Governo entrega proposta de Orçamento de 2026 com salário mínimo de R$ 1.631 e meta de superávit fiscal

O Congresso Nacional recebeu nesta sexta-feira (29) o projeto da Lei Orçamentária de 2026. O texto prevê um salário mínimo de R$ 1.631, alta de 7,44% em relação ao valor atual de R$ 1.518, e será analisado pela Comissão Mista de Orçamento antes da votação em Plenário.

Segundo o governo, a proposta busca reduzir a dívida pública em 0,25% do Produto Interno Bruto (PIB), o equivalente a R$ 34,3 bilhões. Para 2025, a meta é déficit zero. O secretário-executivo do Ministério da Fazenda, Dario Durigan, destacou que o projeto apresenta “o melhor resultado fiscal dos últimos 15 anos”, com superávit menos dependente de despesas extraordinárias.

Despesas e prioridades

As despesas primárias terão crescimento de R$ 168 bilhões, ou 2,5% acima da inflação, somando R$ 3,2 trilhões — dos quais R$ 2,4 trilhões estão sujeitos ao arcabouço fiscal.
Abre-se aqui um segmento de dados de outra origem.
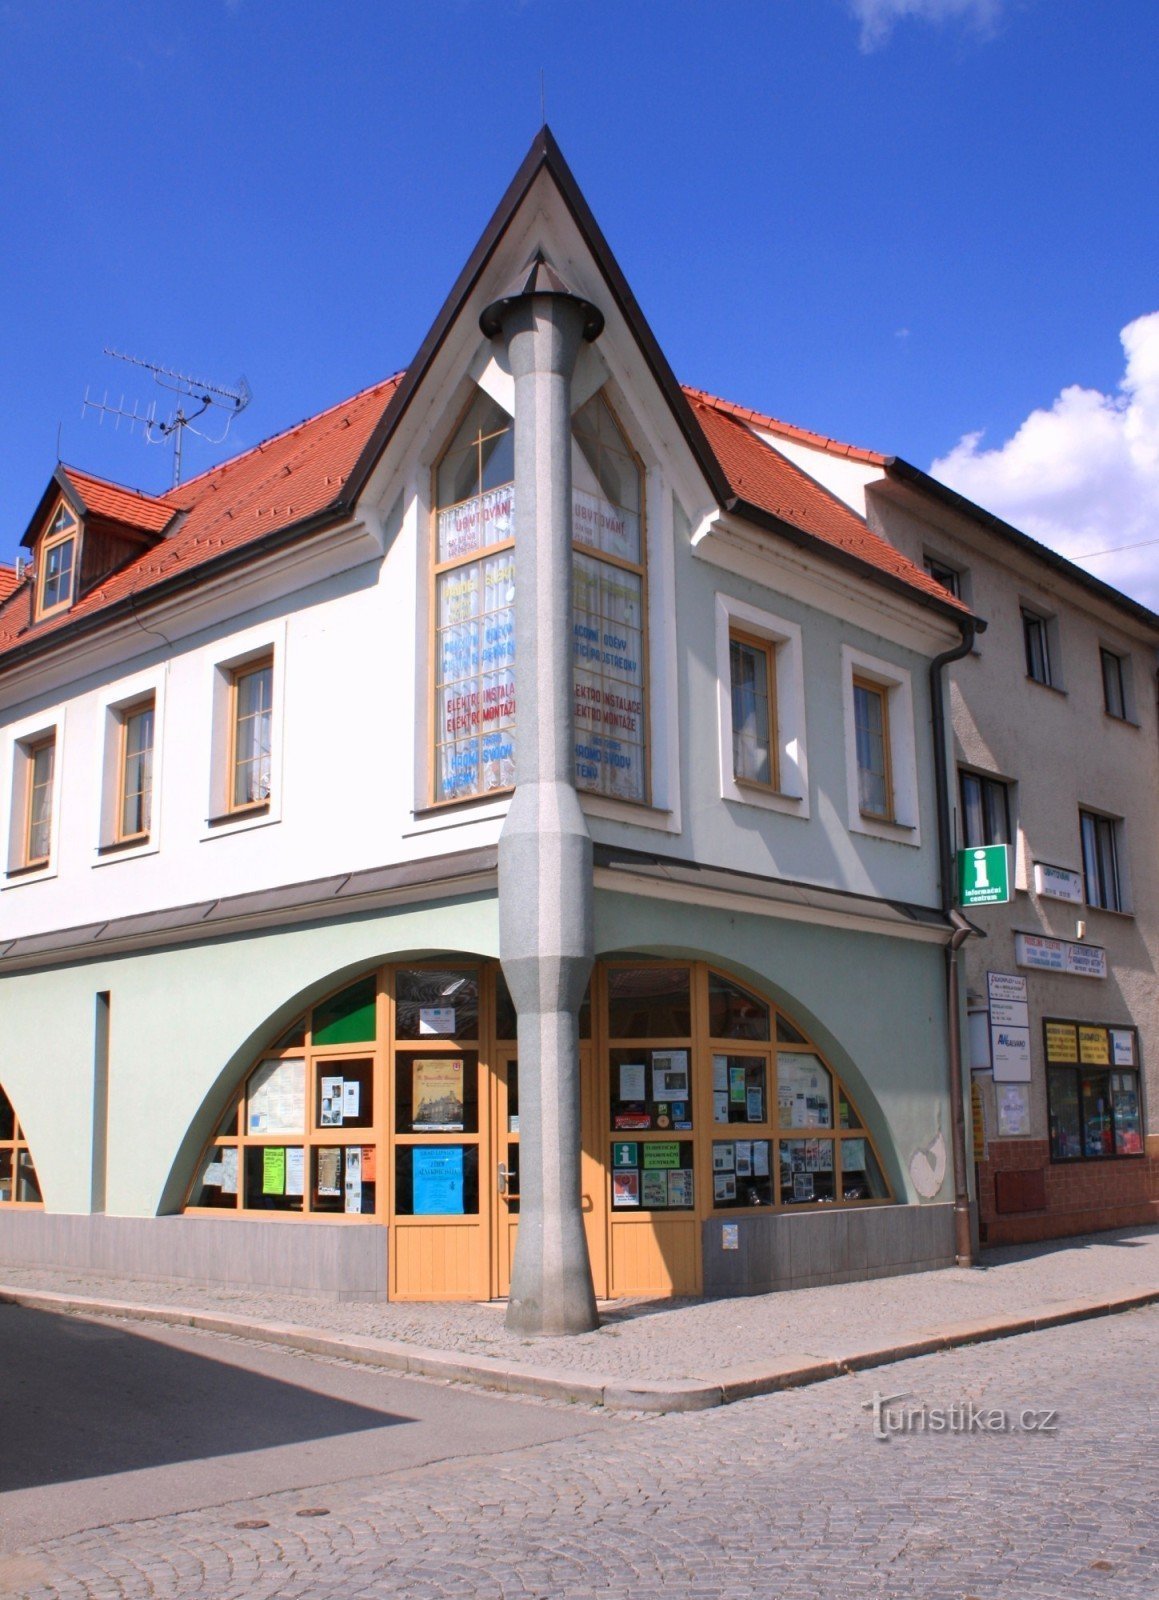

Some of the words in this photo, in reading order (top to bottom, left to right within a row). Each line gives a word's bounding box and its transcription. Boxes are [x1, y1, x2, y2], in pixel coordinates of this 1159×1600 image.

A maior parte do aumento será absorvida por gastos obrigatórios, sobretudo previdência social. As despesas não obrigatórias representam apenas 7,6% do total.

O Orçamento global é de R$ 6,5 trilhões, incluindo a rolagem da dívida pública. Entre os pisos orçamentários estão R$ 245,5 bilhões para saúde, R$ 133,7 bilhões para educação, R$ 83 bilhões para investimentos, R$ 70 bilhões para o Fundeb e R$ 40,8 bilhões para emendas parlamentares impositivas.

Programas e investimentos

O texto reserva recursos para iniciativas como: Bolsa Família (R$ 158,6 bilhões), Pé-de-Meia (R$ 12 bilhões), Farmácia Popular (R$ 6,5 bilhões), Auxílio-Gás (R$ 5,1 bilhões), Mais Médicos (R$ 4,7 bilhões), Agora tem Especialistas (R$ 3,5 bilhões), Minha Casa, Minha Vida (R$ 5,6 bilhões), Novo PAC (R$ 77,6 bilhões), Fundo Nacional de Segurança Pública (R$ 2 bilhões) e Fundo Nacional sobre Mudança do Clima (R$ 479 milhões).

Receitas e parâmetros econômicos

A estimativa de receitas extras foi revisada para baixo. O governo espera arrecadar R$ 19,8 bilhões com a redução de benefícios fiscais, mas prevê perda de R$ 5,2 bilhões com incentivos a datacenters.

Entre os parâmetros usados estão crescimento do PIB de 2,44% (menor que os 2,5% previstos na LDO), inflação de 3,6% pelo IPCA, taxa básica de juros de 13,11% ao ano e câmbio de R$ 5,76 por dólar.

O projeto agora segue para tramitação no Congresso, onde poderá receber emendas antes da votação final.